> Exercise instructions
Each line of the data must be written out again verbatim; no image belongs in the copy.

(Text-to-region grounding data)
---+---

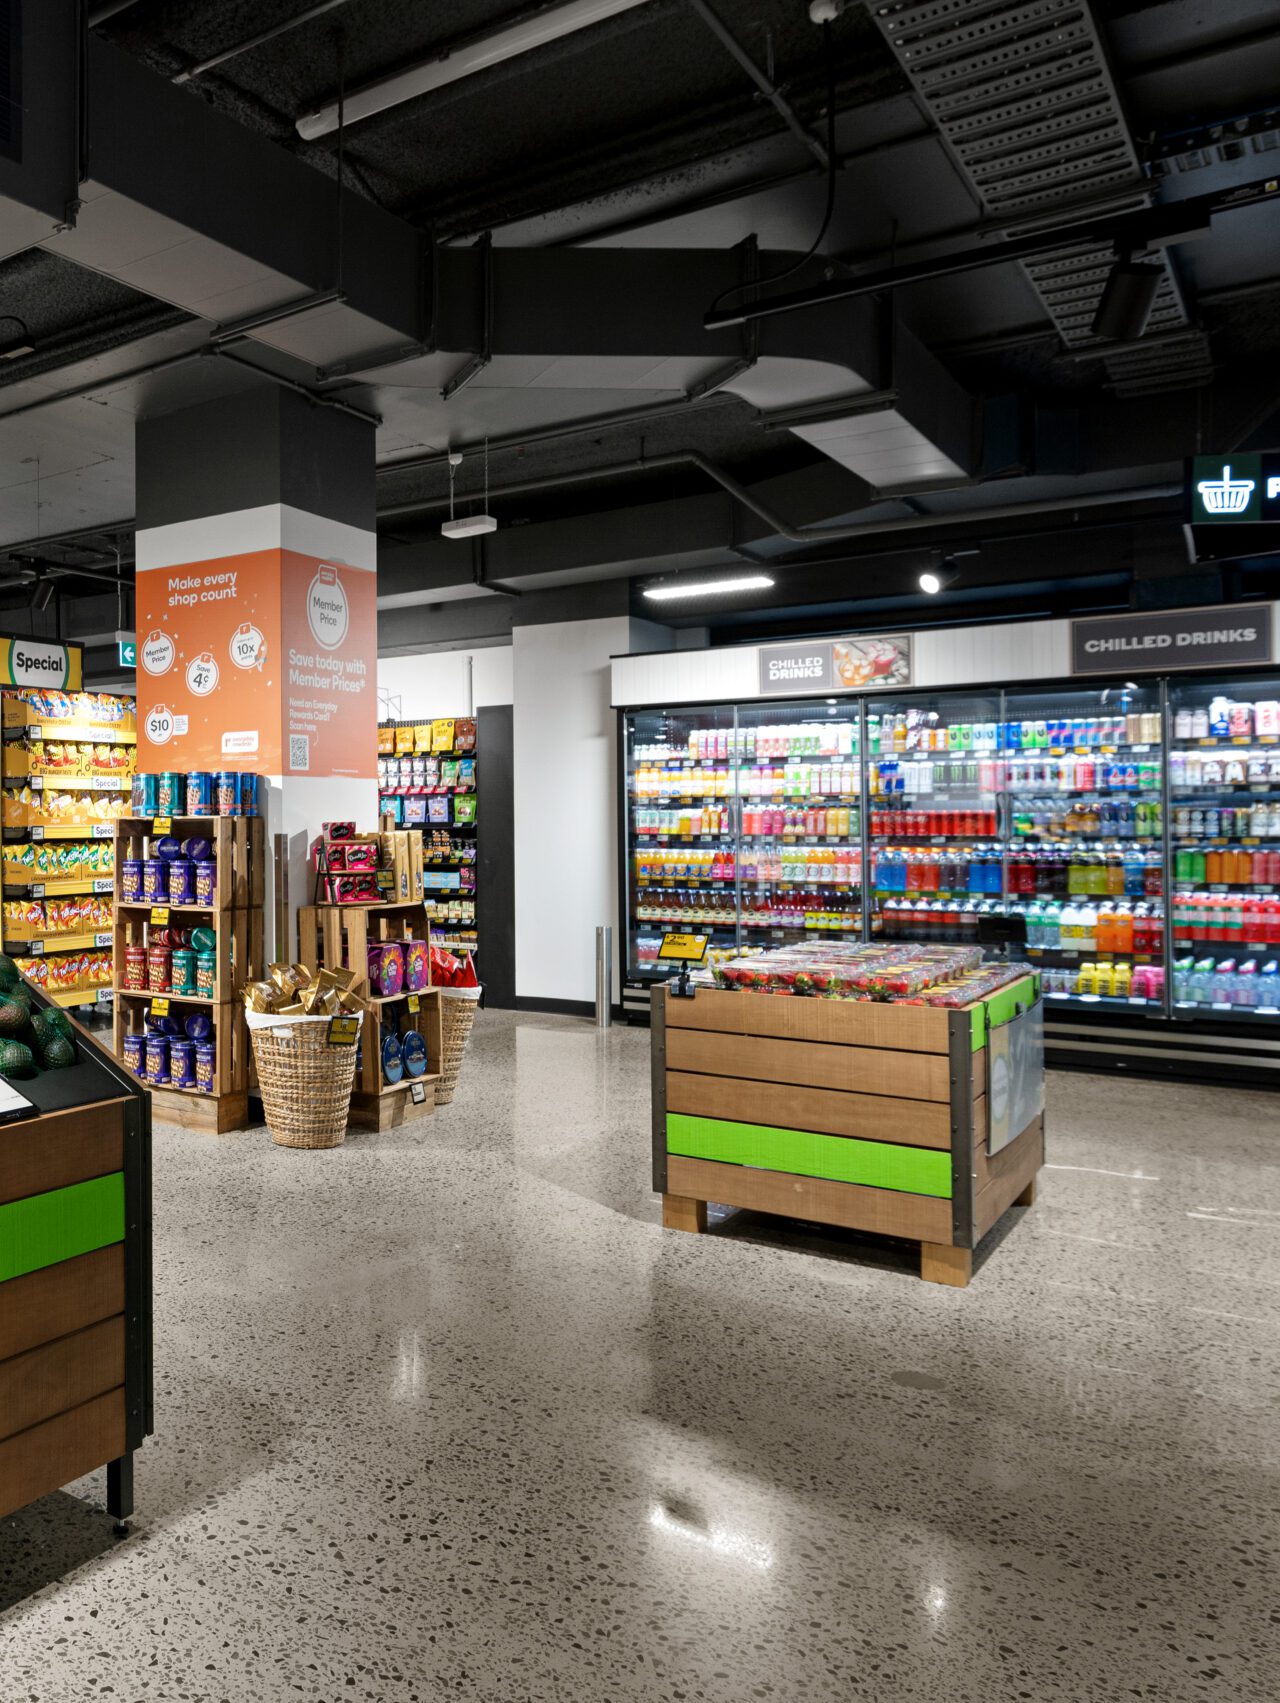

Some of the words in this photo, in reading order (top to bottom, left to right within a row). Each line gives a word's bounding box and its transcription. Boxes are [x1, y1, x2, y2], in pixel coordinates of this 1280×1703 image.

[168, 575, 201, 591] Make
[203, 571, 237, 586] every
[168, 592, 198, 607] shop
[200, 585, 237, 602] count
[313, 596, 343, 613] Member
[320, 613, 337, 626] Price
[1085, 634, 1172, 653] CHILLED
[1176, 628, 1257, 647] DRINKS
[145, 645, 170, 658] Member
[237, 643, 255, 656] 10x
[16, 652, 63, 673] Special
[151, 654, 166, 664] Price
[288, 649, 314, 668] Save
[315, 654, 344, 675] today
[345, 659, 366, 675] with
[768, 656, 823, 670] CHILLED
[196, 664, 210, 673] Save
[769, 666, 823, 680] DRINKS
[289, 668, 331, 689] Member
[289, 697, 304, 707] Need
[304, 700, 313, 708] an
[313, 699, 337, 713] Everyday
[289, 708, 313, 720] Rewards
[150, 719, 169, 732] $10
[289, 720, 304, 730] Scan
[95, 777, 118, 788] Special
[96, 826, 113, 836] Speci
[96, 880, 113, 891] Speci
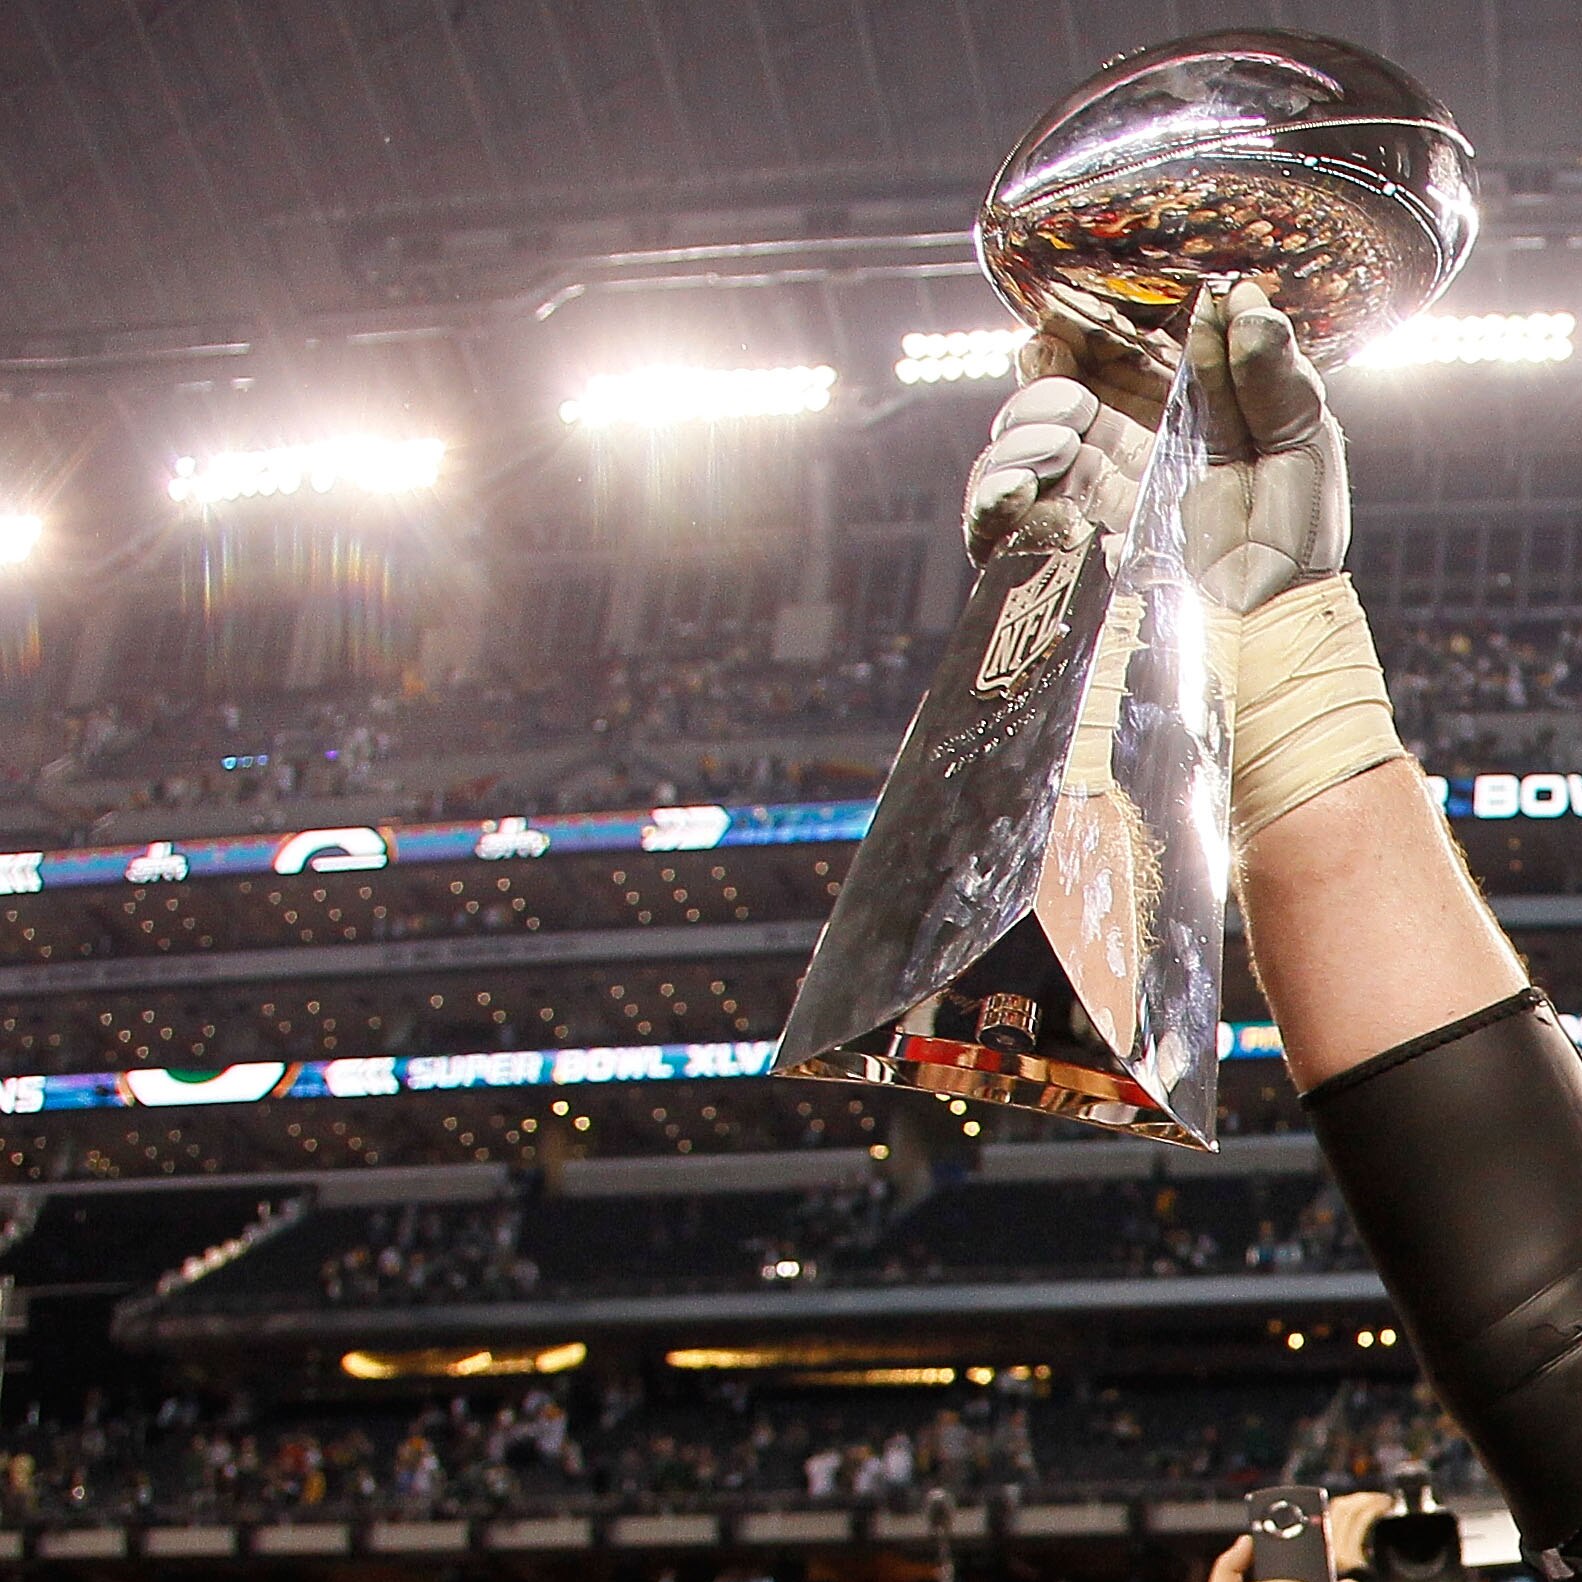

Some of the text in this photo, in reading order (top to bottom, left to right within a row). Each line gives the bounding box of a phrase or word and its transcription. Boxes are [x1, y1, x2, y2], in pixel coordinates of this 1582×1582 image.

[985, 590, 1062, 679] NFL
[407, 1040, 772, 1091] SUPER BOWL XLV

---+---

> Solution for this task
Some of the words in this photo, in reading order (top to bottom, left to right within a row). Each line gives a word's bounding box and its transcription. Boxes are [x1, y1, x2, y2], in pixel coordinates of this 1280×1703 image.

[168, 575, 201, 591] Make
[203, 571, 237, 586] every
[168, 592, 198, 607] shop
[200, 585, 237, 602] count
[313, 596, 343, 613] Member
[320, 613, 337, 626] Price
[1085, 634, 1172, 653] CHILLED
[1176, 628, 1257, 647] DRINKS
[145, 645, 170, 658] Member
[237, 643, 255, 656] 10x
[16, 652, 63, 673] Special
[151, 654, 166, 664] Price
[288, 649, 314, 668] Save
[315, 654, 344, 675] today
[345, 659, 366, 675] with
[768, 656, 823, 670] CHILLED
[196, 664, 210, 673] Save
[769, 666, 823, 680] DRINKS
[289, 668, 331, 689] Member
[289, 697, 304, 707] Need
[304, 700, 313, 708] an
[313, 699, 337, 713] Everyday
[289, 708, 313, 720] Rewards
[150, 719, 169, 732] $10
[289, 720, 304, 730] Scan
[95, 777, 118, 788] Special
[96, 826, 113, 836] Speci
[96, 880, 113, 891] Speci

Some of the text in this photo, in reading order (top to bottom, left to right within a row). Each line gives the bounding box of a phrase or word and its transcription. Boxes are [x1, y1, x2, y2], in pixel coordinates of this 1582×1582 image.

[985, 590, 1062, 679] NFL
[407, 1040, 772, 1091] SUPER BOWL XLV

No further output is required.